„Der deutsche Markt hat für uns noch Luft nach oben!“

Der eilbote besuchte mit Agritubel aus Westfrankreich einen der größten Hersteller von Stalleinrichtungen in Europa. Im Gespräch mit der Geschäftsführung erfuhren wir mehr über die besonderen Kompetenzen des Unternehmens und die Expansionspläne in Deutschland.

Agritubel: „Der deutsche Markt hat für uns noch Luft nach oben!“

Der französische Hersteller von Stalleinrichtungen, Agritubel, erwirtschaftet jährlich einen Umsatz von über 40 Millionen Euro.
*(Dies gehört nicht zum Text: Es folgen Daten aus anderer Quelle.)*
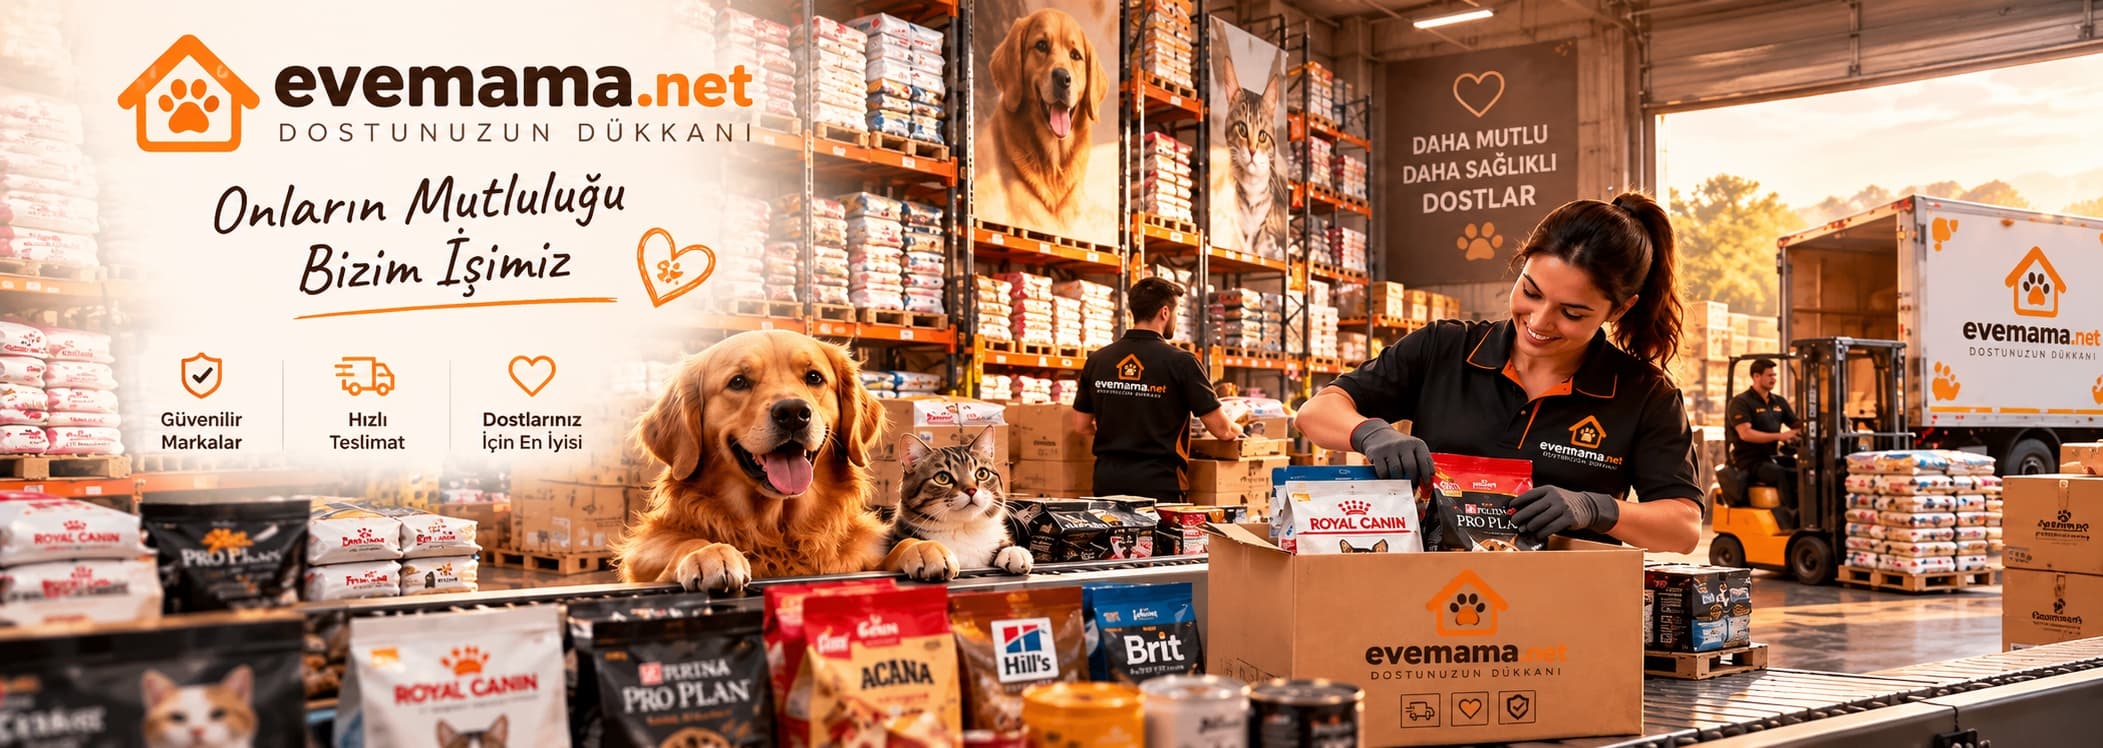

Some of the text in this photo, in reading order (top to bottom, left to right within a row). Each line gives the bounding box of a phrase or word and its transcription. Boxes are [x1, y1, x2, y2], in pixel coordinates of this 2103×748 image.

[1412, 124, 1548, 155] DAHA MUTLU
[1403, 152, 1557, 184] DAHA SAĞLIKLI
[1423, 184, 1537, 214] DOSTLAR
[1963, 320, 2101, 347] evemama.net
[1969, 346, 2096, 361] DOSTUNUZUN DÜKKANI
[1095, 380, 1166, 393] evemama.net
[1540, 441, 1623, 465] evemama.net
[1310, 516, 1406, 529] ROYAL CANIN
[1457, 514, 1518, 529] PRO PLA
[34, 532, 120, 544] ROYAL CANIN
[181, 548, 225, 567] PRO
[1123, 631, 1185, 665] Brit
[1365, 643, 1568, 665] evemama.net
[861, 659, 934, 690] ACANA
[1004, 654, 1051, 675] Hill's
[1370, 666, 1561, 680] DOSTUNUZUN DÜKKANI
[394, 673, 538, 704] ROYAL CANIN
[622, 679, 751, 713] PRO PLAN
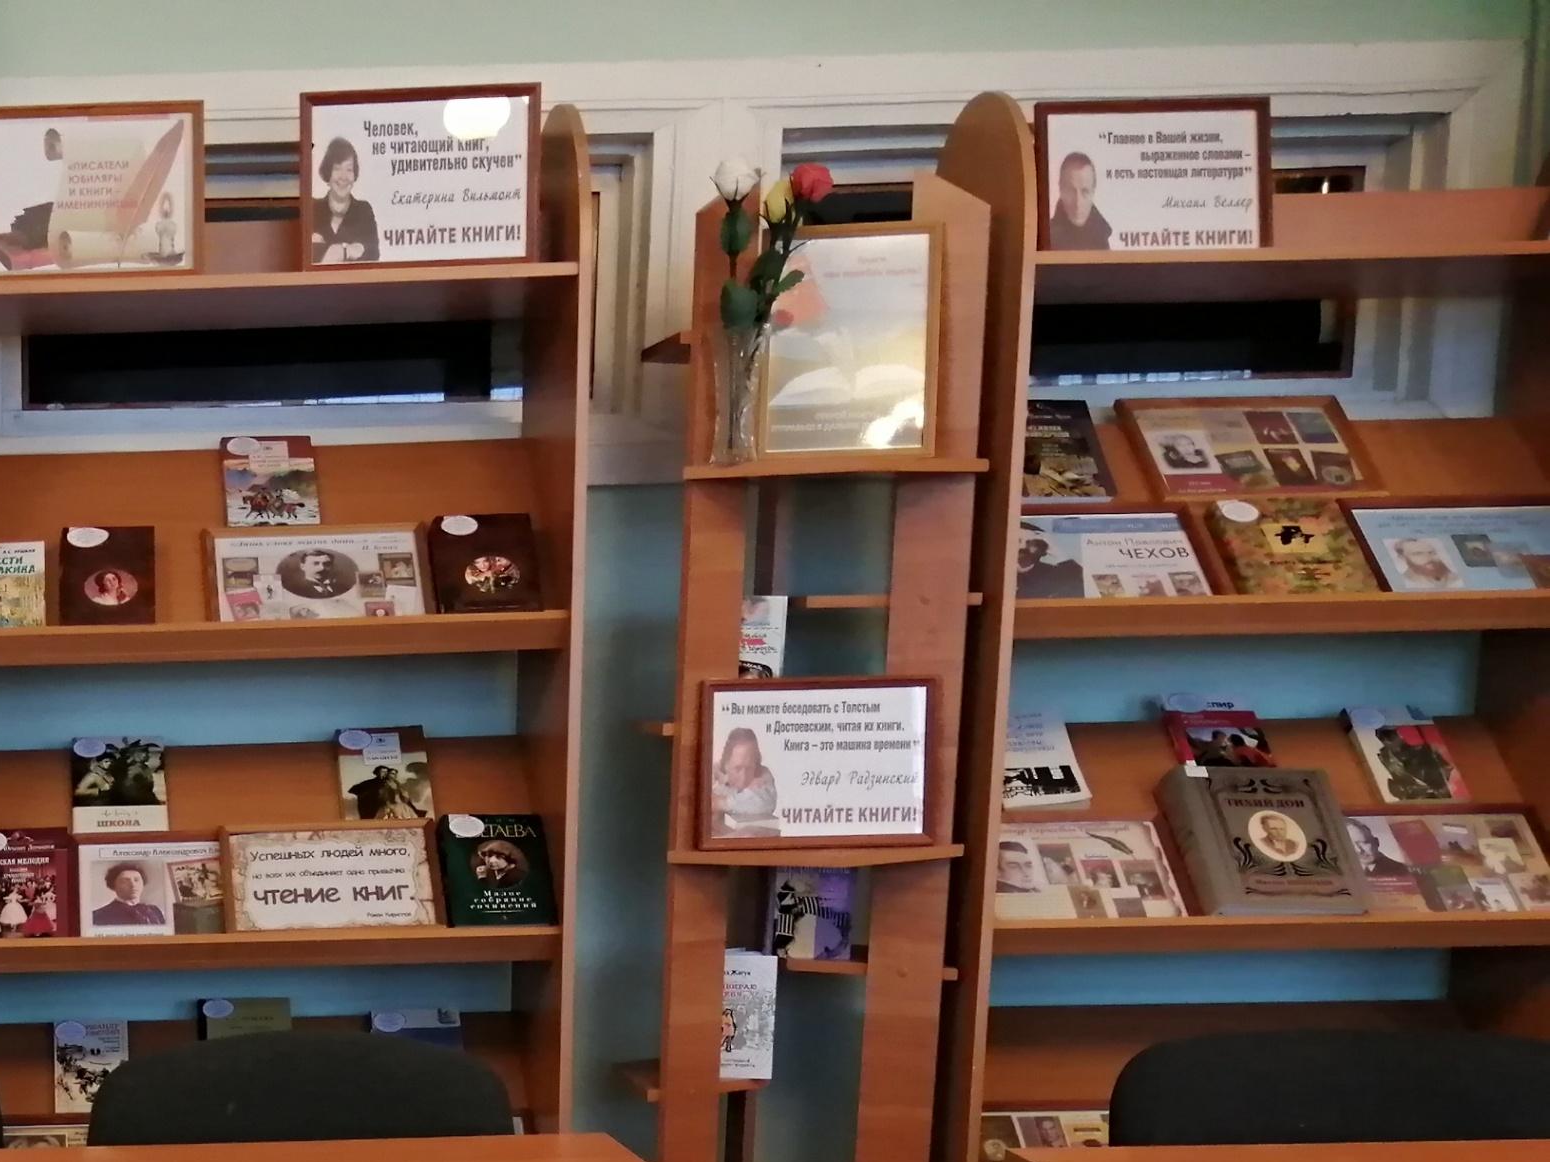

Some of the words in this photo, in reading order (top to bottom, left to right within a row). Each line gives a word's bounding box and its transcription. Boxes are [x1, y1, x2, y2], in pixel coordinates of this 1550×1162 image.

[363, 120, 419, 138] Человек,
[1148, 134, 1154, 144] в
[1156, 130, 1187, 145] Вашей
[372, 141, 386, 155] не
[390, 137, 454, 155] читающий
[457, 138, 490, 154] книг,
[1140, 150, 1200, 164] выраженное
[1202, 149, 1243, 161] словами
[391, 156, 468, 176] удивительно
[68, 174, 123, 183] ЮБИЛЯРЫ
[1106, 169, 1112, 179] и
[1114, 168, 1135, 179] есть
[1137, 168, 1188, 181] настоящая
[68, 187, 76, 196] И
[79, 187, 113, 197] КНИГИ
[391, 190, 455, 209] Екатерина
[1162, 196, 1206, 210] Михаил
[1214, 196, 1253, 213] Веллер
[384, 225, 457, 246] ЧИТАЙТЕ
[462, 223, 521, 243] КНИГИ!
[1119, 228, 1190, 247] ЧИТАЙТЕ
[1195, 229, 1253, 246] КНИГИ!
[1118, 547, 1190, 559] ЧЕХОВ
[747, 703, 780, 715] можете
[782, 701, 832, 715] беседовать
[841, 701, 880, 714] Толстым
[766, 723, 772, 733] и
[836, 721, 862, 732] читая
[864, 723, 874, 732] их
[784, 739, 810, 752] Книга
[819, 740, 834, 752] это
[836, 740, 872, 751] машина
[801, 770, 842, 792] Эдвард
[849, 769, 919, 791] Радзинский
[781, 805, 853, 824] ЧИТАЙТЕ
[858, 806, 917, 823] КНИГИ!
[97, 819, 141, 828] ШКОЛА
[250, 850, 315, 863] Успешных
[321, 845, 364, 858] людей
[368, 847, 411, 858] много,
[299, 869, 343, 878] объединяет
[253, 886, 341, 906] чтение
[352, 884, 416, 902] книг.
Agritubel: „Der deutsche Markt hat für uns noch Luft nach oben!“

Sie sehen in Deutschland noch Potenzial für ihre Stalltechnik: François Bonneau, Patrice Franke und Karl-Philipp Grau von Agritubel (von links).

Rohre, Rohre, Rohre, rund in 60 und 76 mm Durchmesser oder als Vierkant 100 × 100 mm und viele Abmessungen mehr. Gut 20.000 Tonnen davon verarbeitet der französische Stahlbauspezialist Agritubel jährlich zu Fressgittern, Liegeboxenabtrennungen, Toren, Fanganlagen und Futterautomaten für Rinder, Schafe, Ziegen und Pferde.
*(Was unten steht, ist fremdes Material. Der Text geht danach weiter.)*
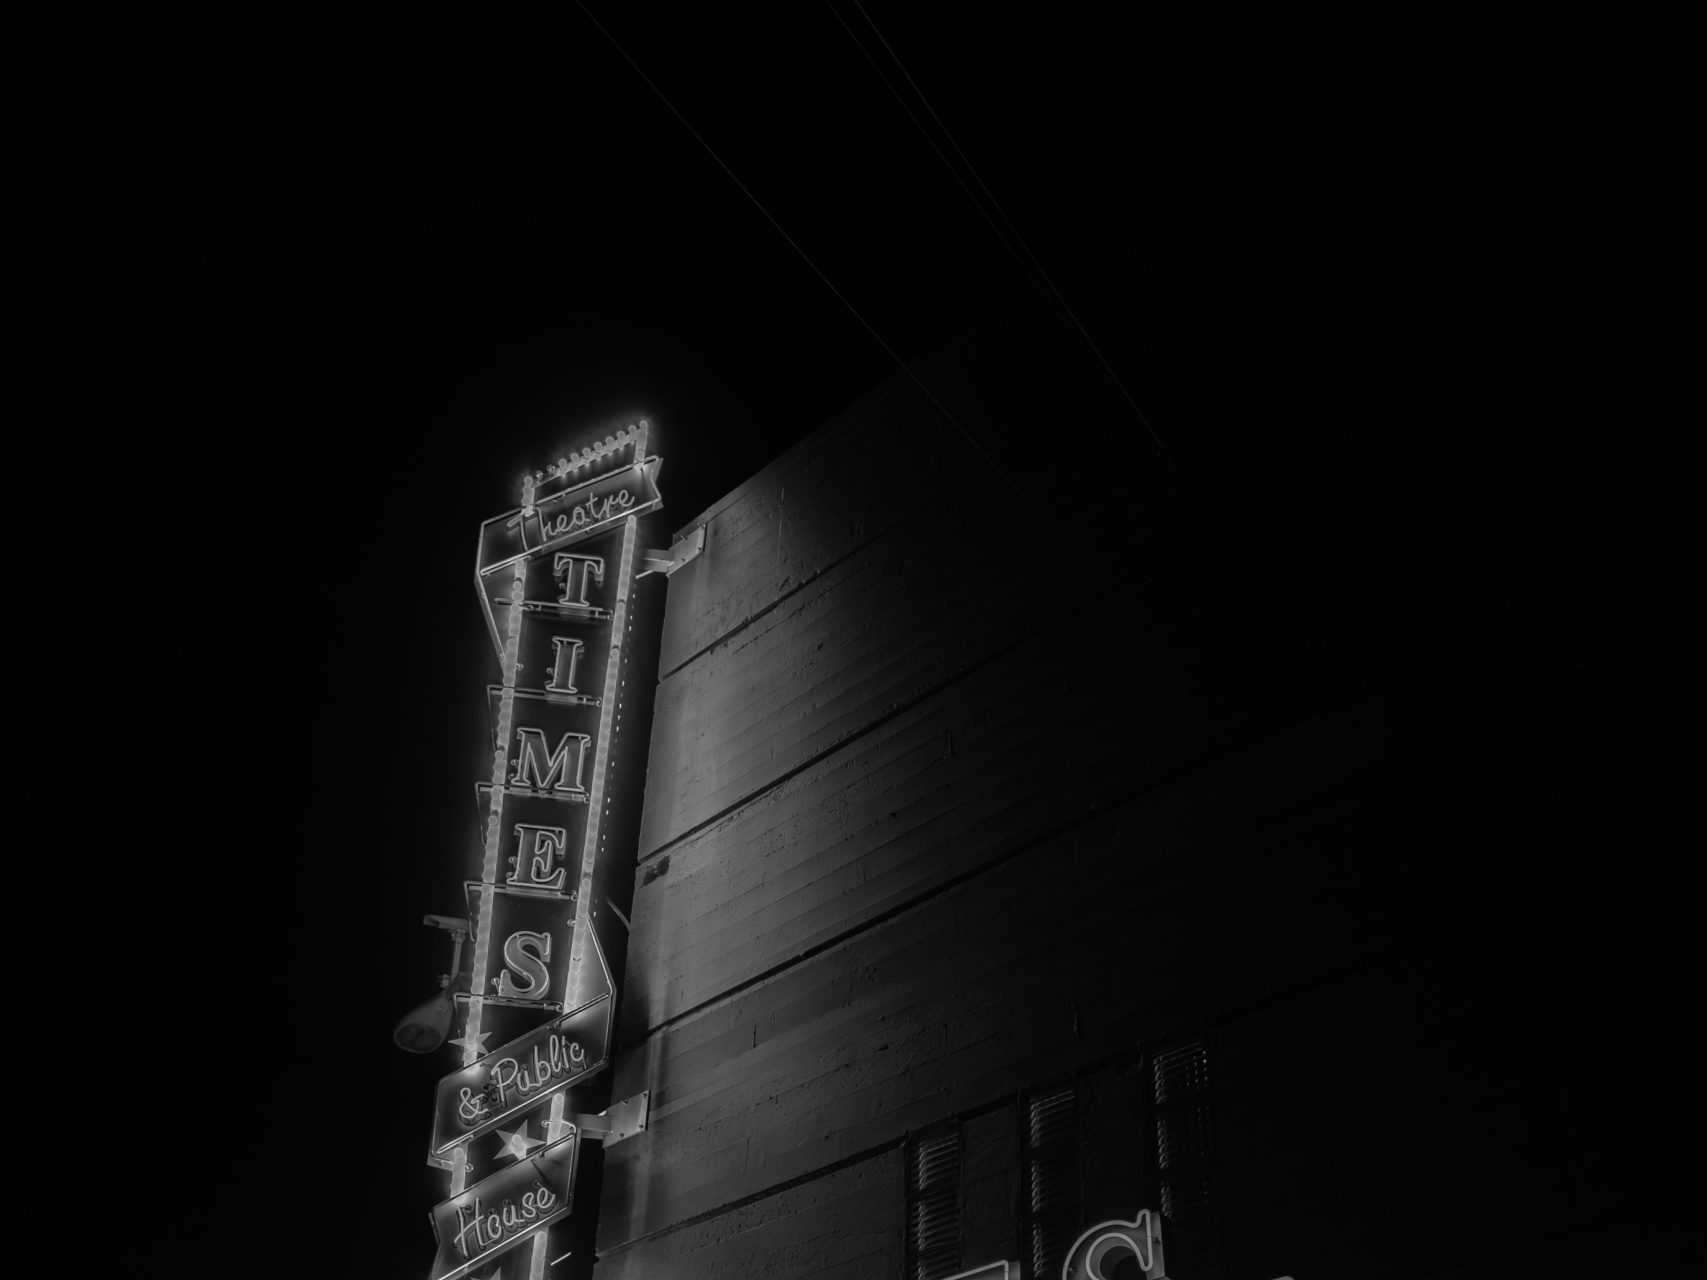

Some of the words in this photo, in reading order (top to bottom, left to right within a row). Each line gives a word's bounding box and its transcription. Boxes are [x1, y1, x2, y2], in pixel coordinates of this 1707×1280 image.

[506, 488, 635, 551] Theatre
[499, 552, 604, 999] TIMES
[458, 1086, 489, 1120] &
[490, 1034, 587, 1104] Public
[453, 1188, 556, 1257] House
Die erste Frage: Lässt sich so ein umfangreicher Stahlbau nicht günstiger in osteuropäischen Ländern realisieren? Patrice Franke, seit 2021 Geschäftsführer von Agritubel, antwortet auf diesen Einwand: „Der Markt ist vor der Tür, unsere Produktion ist hoch automatisiert, die Logistik optimiert, unsere Mitarbeitenden sind hochqualifiziert – wir beweisen mit unserem Erfolg, dass wir an diesem Standort rentabel produzieren können!“

Agritubel ist in Loudun ansässig. Die 7.000-Einwohner-Stadt liegt rund 350 Kilometer südwestlich von Paris. Hier beginnt das Tal der Loire, das für seine zahlreichen malerischen Schlösser und Weingüter bekannt ist. Franke ist für seine neue Aufgabe mit seiner Familie aus Lothringen hierher gezogen und hat sich in die Region verliebt. Der 58-jährige Diplom-Ingenieur für Maschinenbau arbeitete 23 Jahre lang im lothringischen Amazone-Werk für Kommunaltechnik in Forbach. Davor war er zehn Jahre bei SKF. Franke spricht fließend Deutsch, was den Aktivitäten seines Unternehmens in Deutschland natürlich zugute kommt.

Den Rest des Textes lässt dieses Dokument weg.